**Records provided**

_____

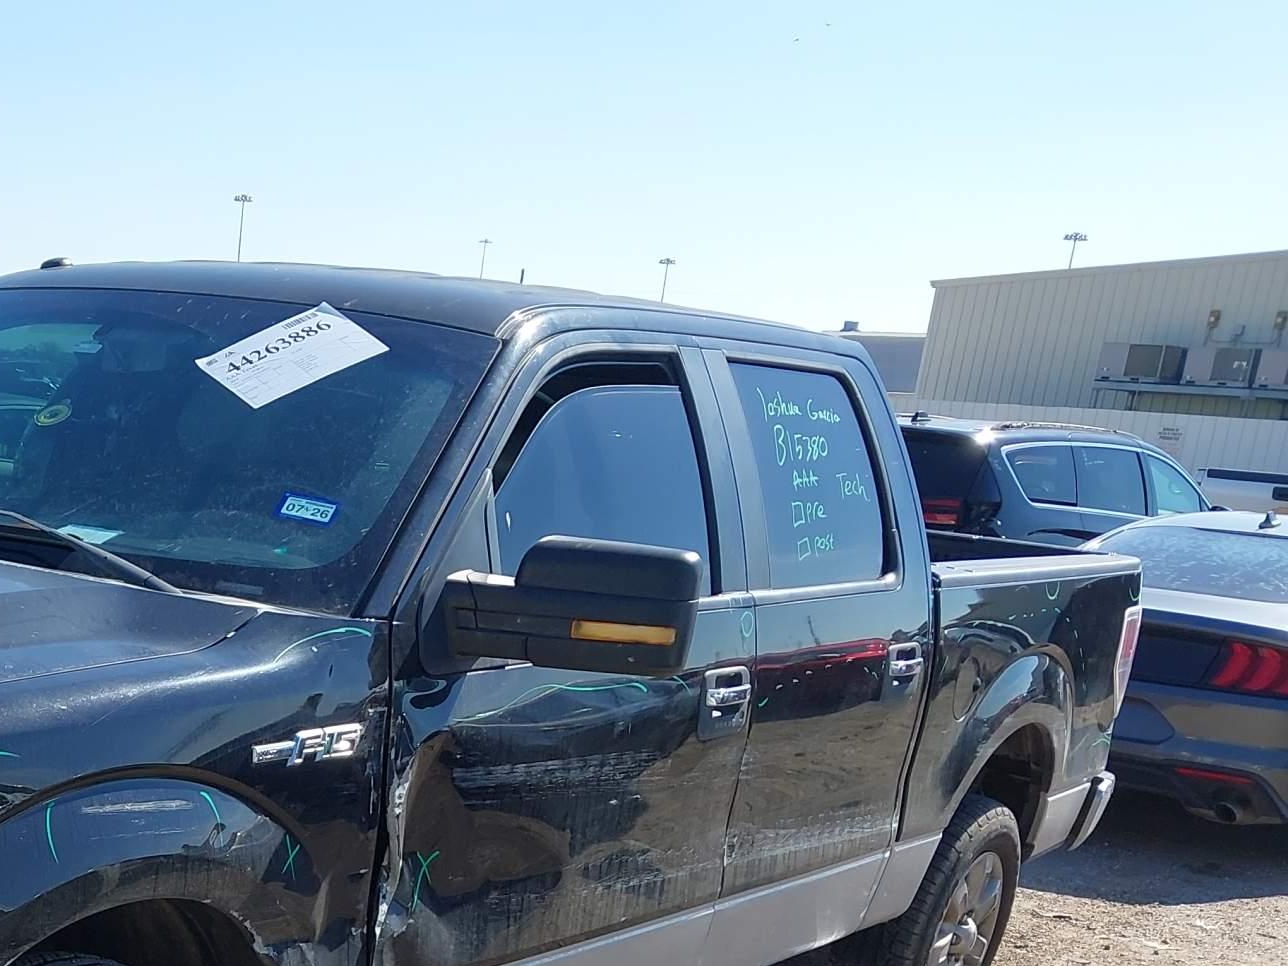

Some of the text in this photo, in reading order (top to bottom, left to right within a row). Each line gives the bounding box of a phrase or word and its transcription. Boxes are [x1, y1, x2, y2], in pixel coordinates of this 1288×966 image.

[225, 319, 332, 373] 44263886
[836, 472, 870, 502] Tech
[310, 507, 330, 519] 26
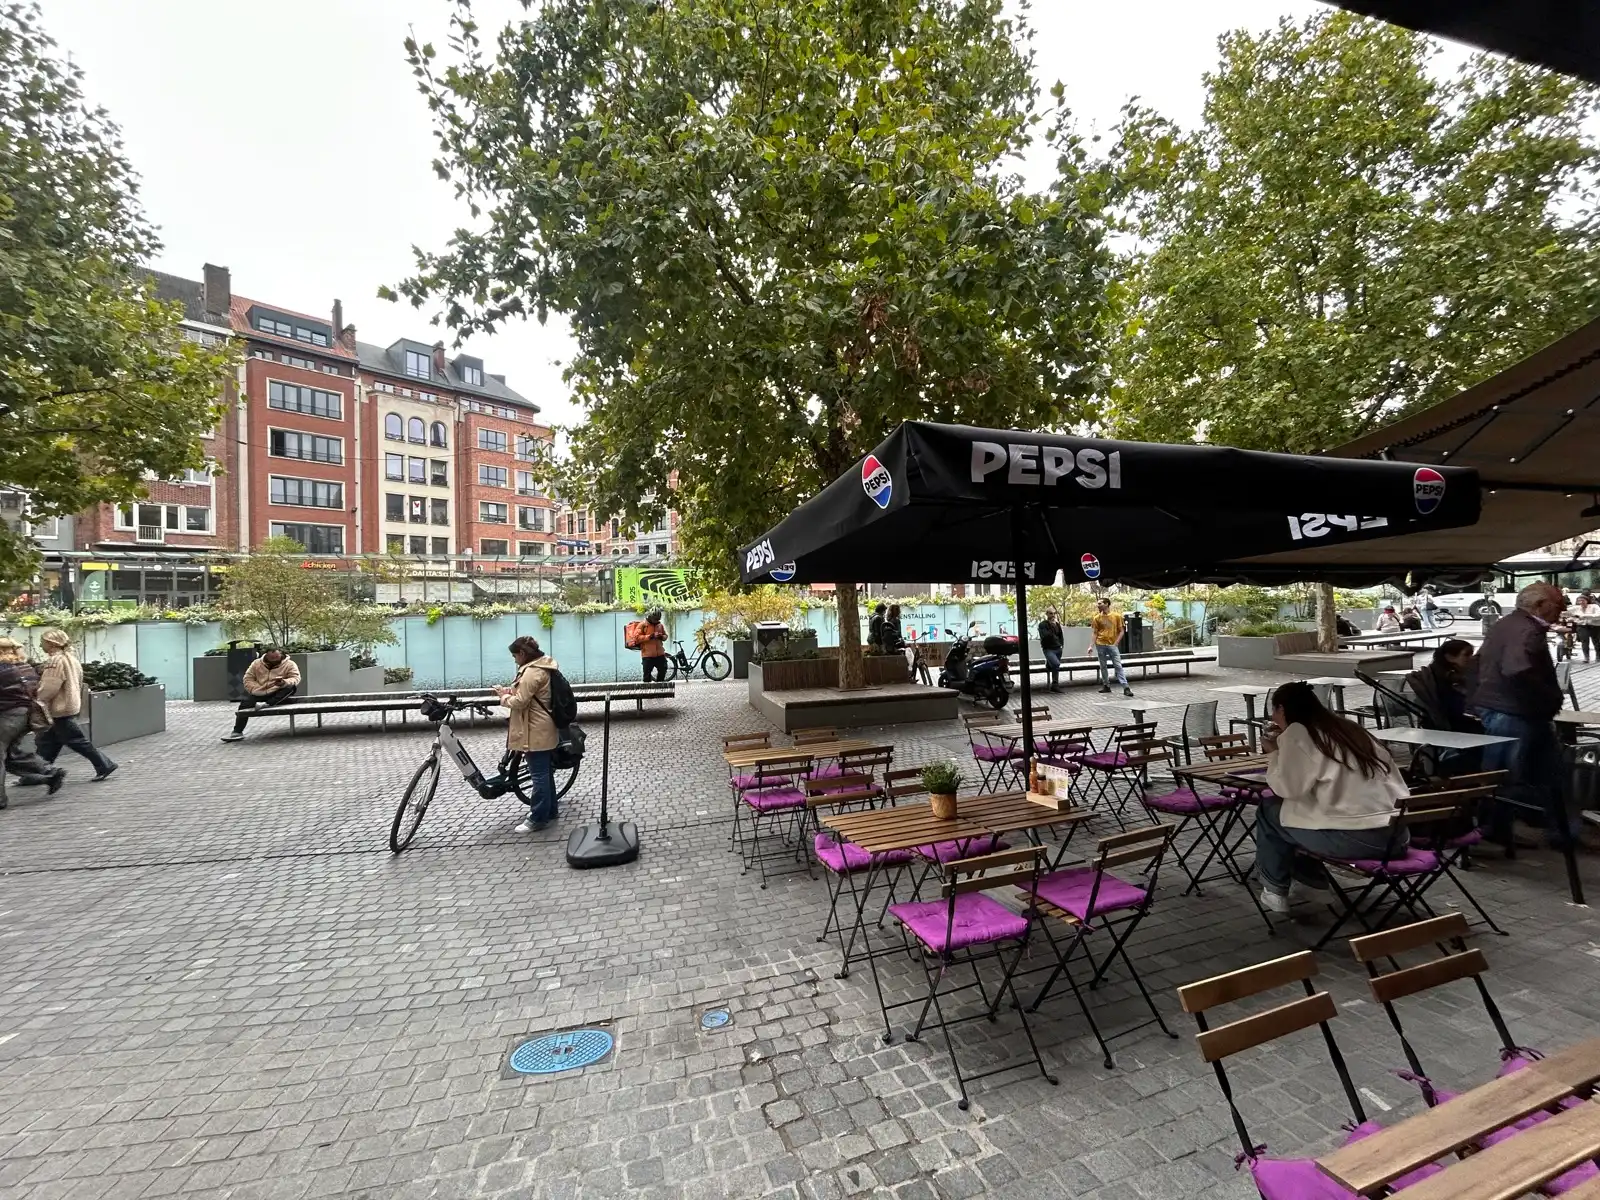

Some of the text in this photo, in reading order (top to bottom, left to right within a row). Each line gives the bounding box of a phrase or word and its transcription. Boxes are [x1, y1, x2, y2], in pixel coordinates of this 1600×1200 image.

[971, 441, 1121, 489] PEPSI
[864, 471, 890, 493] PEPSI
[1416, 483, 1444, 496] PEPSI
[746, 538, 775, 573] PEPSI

_____

**Activity**
From the first line to the last, output the data exactly, without the pictures.

**Reply to the exercise**
Some of the text in this photo, in reading order (top to bottom, left to right within a row). Each line gives the bounding box of a phrase or word and its transcription. Boxes are [x1, y1, x2, y2], in pixel coordinates of this 1288×966 image.

[225, 319, 332, 373] 44263886
[836, 472, 870, 502] Tech
[310, 507, 330, 519] 26

Some of the text in this photo, in reading order (top to bottom, left to right within a row). Each line gives the bounding box of a phrase or word and its transcription. Boxes are [x1, y1, x2, y2], in pixel coordinates of this 1600×1200 image.

[971, 441, 1121, 489] PEPSI
[864, 471, 890, 493] PEPSI
[1416, 483, 1444, 496] PEPSI
[746, 538, 775, 573] PEPSI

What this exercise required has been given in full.